12. The electronic device of claim 11, wherein a first terminal of the over-voltage charging module is connected to the second electronic device through the connection line, a second terminal of the over-voltage charging module is electrically connected to the charging control module, a third terminal of the over-voltage charging module is electrically connected to a third terminal of the processing module, and the processing module is configured to control a conducting state of the over-voltage charging module,

in the process of disconnecting the electrical connection between the electronic device and the second electronic device by switching the overvoltage charging module from the on-state to the off-state, the overvoltage charging module is configured to: under the condition that the overvoltage charging module receives third control information from the processing module, the overvoltage charging module is switched from a conducting state to a disconnecting state, and the electronic equipment is disconnected from the second electronic equipment;

in the process of switching the overvoltage charging module from an off state to an on state, the overvoltage charging module is used for: and under the condition that the overvoltage charging module receives fourth control information from the processing module, the overvoltage charging module is switched from a disconnected state to a connected state.

13. The electronic device of claim 8, wherein the target control module is a charging control module;

in the process of disconnecting the electrical connection between the electronic device and the second electronic device by controlling a target control module of the electronic device, the processing module is configured to: disconnecting the electrical connection between the electronic device and the second electronic device by adjusting the output voltage of the charging control module to be lower than a preset voltage;

in the process of switching the electronic device and the second electronic device from the disconnected state to the electrically connected state through the target control module, the processing module is configured to: and switching the electronic equipment and the second electronic equipment from a disconnection state to an electric connection state by adjusting the output voltage of the charging control module to be greater than or equal to a preset voltage.

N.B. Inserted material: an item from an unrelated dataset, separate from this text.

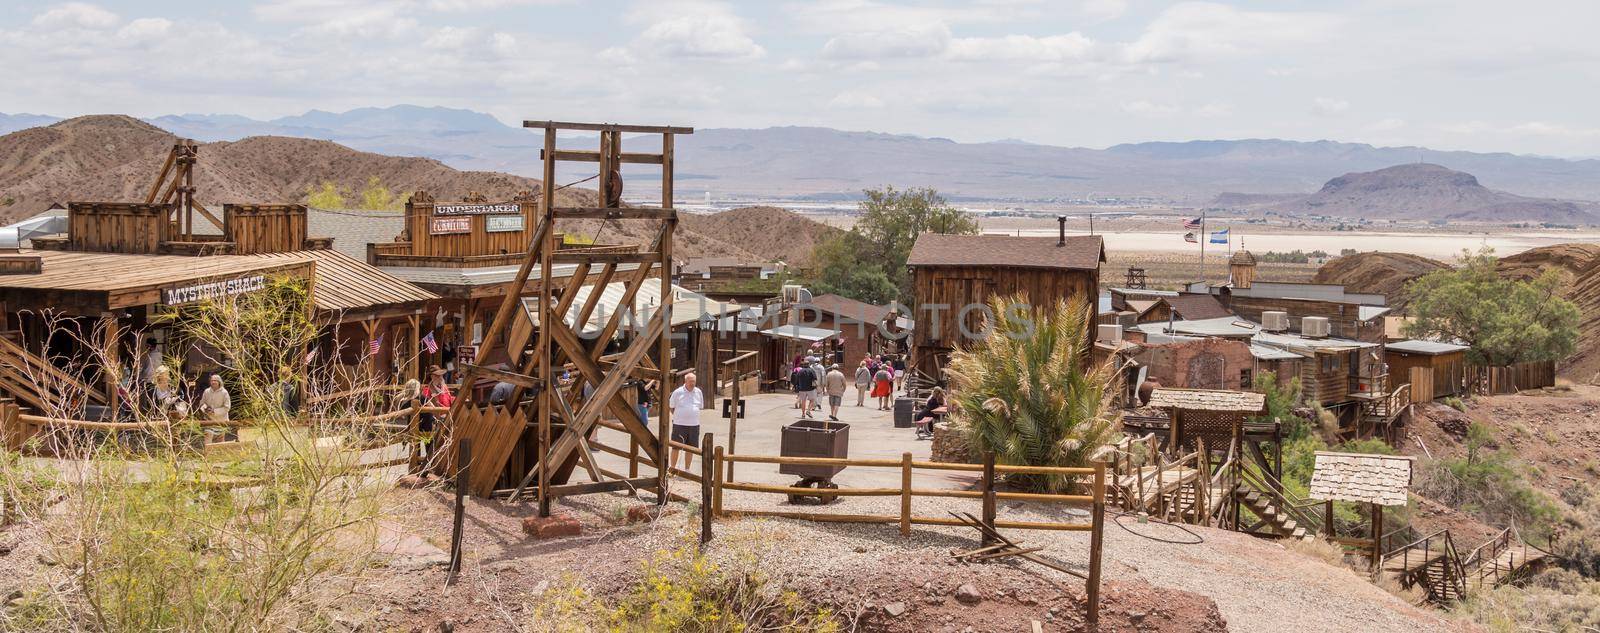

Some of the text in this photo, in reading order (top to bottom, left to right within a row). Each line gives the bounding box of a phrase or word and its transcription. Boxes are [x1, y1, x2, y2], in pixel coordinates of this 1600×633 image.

14. The electronic device of claim 13, wherein the processing module is further configured to control an output voltage of the charging control module, and during the process of disconnecting the electrical connection between the electronic device and the second electronic device by adjusting the output voltage of the charging control module to be lower than a preset voltage, the charging control module is configured to: under the condition that the charging control module receives fifth control information from the processing module, adjusting the output voltage to be lower than the preset voltage, and disconnecting the electric connection between the electronic device and the second electronic device;

in the process of adjusting the output voltage of the charging control module to be greater than or equal to the preset voltage, the charging control module is used for: and under the condition that the charging control module receives sixth control information from the processing module, adjusting the output voltage to be greater than or equal to the preset voltage.